Energy experts say, Bangladesh can heavily build on its experience in SHSs to setup and profitably run solar mini-grids and overcome dependence on dirty fossil-fuel- based energy against which the world is becoming increasingly more vocal. Harnessing of solar energy is more relevant not only because solar systems have become remarkably cheaper but also as international pressure against fossil fuels is becoming more intense.
The 23th conference of parties (climate change conference) in Bonn in November last year marked the emergence of a new alliance to quickly phase out coal spearheaded by UK and Canada enlisting the support of 17 other nations. It was a clear signal of a renewed fight against the dirty fuels of conventional energy.
The European Union remained loud and clear about its resolve to uphold the Paris Deal and promote the use of cleaner fuels. Estonia told the meet on behalf of the EU that the group would not walk away from its commitments.
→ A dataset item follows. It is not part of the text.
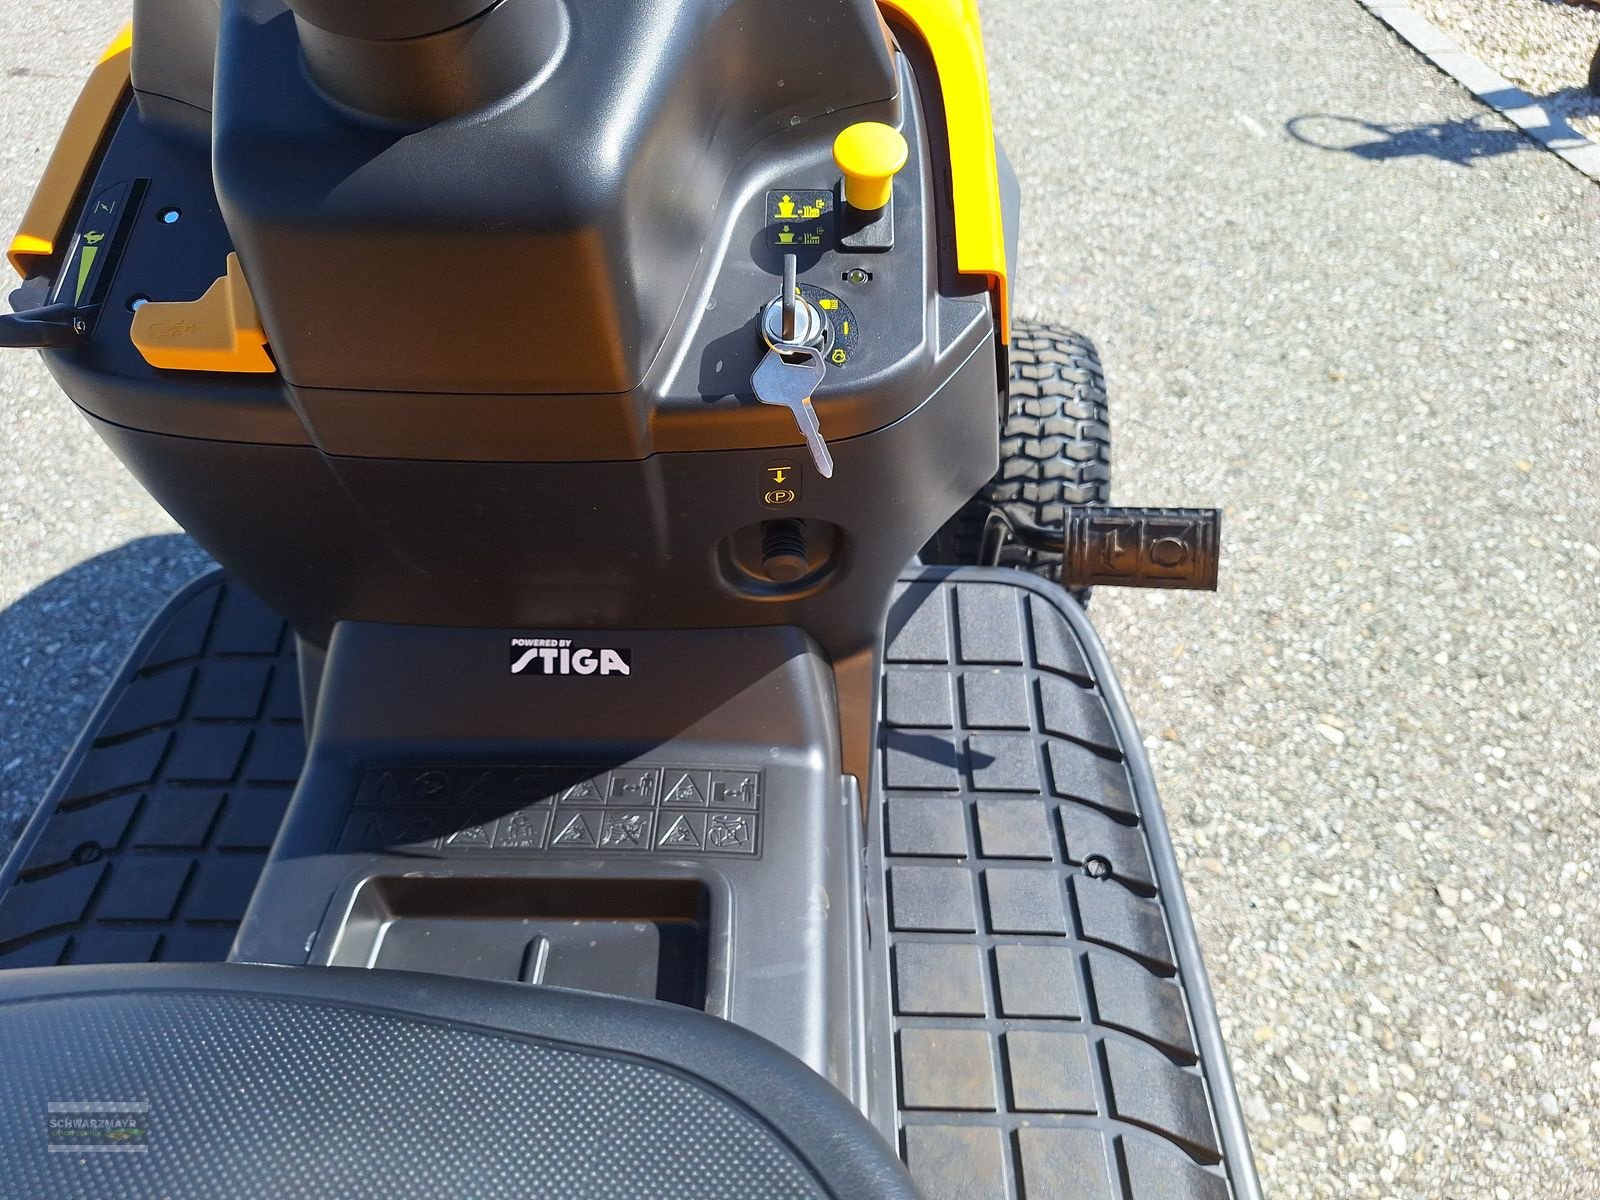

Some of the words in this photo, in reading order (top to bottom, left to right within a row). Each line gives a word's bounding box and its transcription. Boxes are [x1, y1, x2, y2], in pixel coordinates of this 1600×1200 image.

[511, 638, 558, 647] POWERED
[558, 639, 572, 648] BY
[511, 648, 630, 675] STIGA
Mexico, New Zealand, Denmark and Angola have expressed their oneness with UK and Canada, and have made new pledged to quickly phase out coal. The alliance against coal has set a target to have 50 members. There is no country which can morally speak against the members of the alliance as air pollution caused by coal, it is believed, causing about a million of deaths worldwide every year.
The climate change conference reached an understanding that the nations would make stocktaking of their contributions in reducing fossil fuel-based carbon dioxide emissions as per their Paris Deal Commitments. Energy planners in Bangladesh may take serious note of these developments plus opportunities brought forward by the International Solar Alliance to rely more on renewable energy, especially solar energy in which Bangladesh is rich with infinite potentials, and get rid of imported dirty energy. They should give serious thought over discontinuing the policy of power generation with imported dirty fuels which would be resisted not only in the international market but also by local consumers as well as buyers of Bangladeshi products abroad.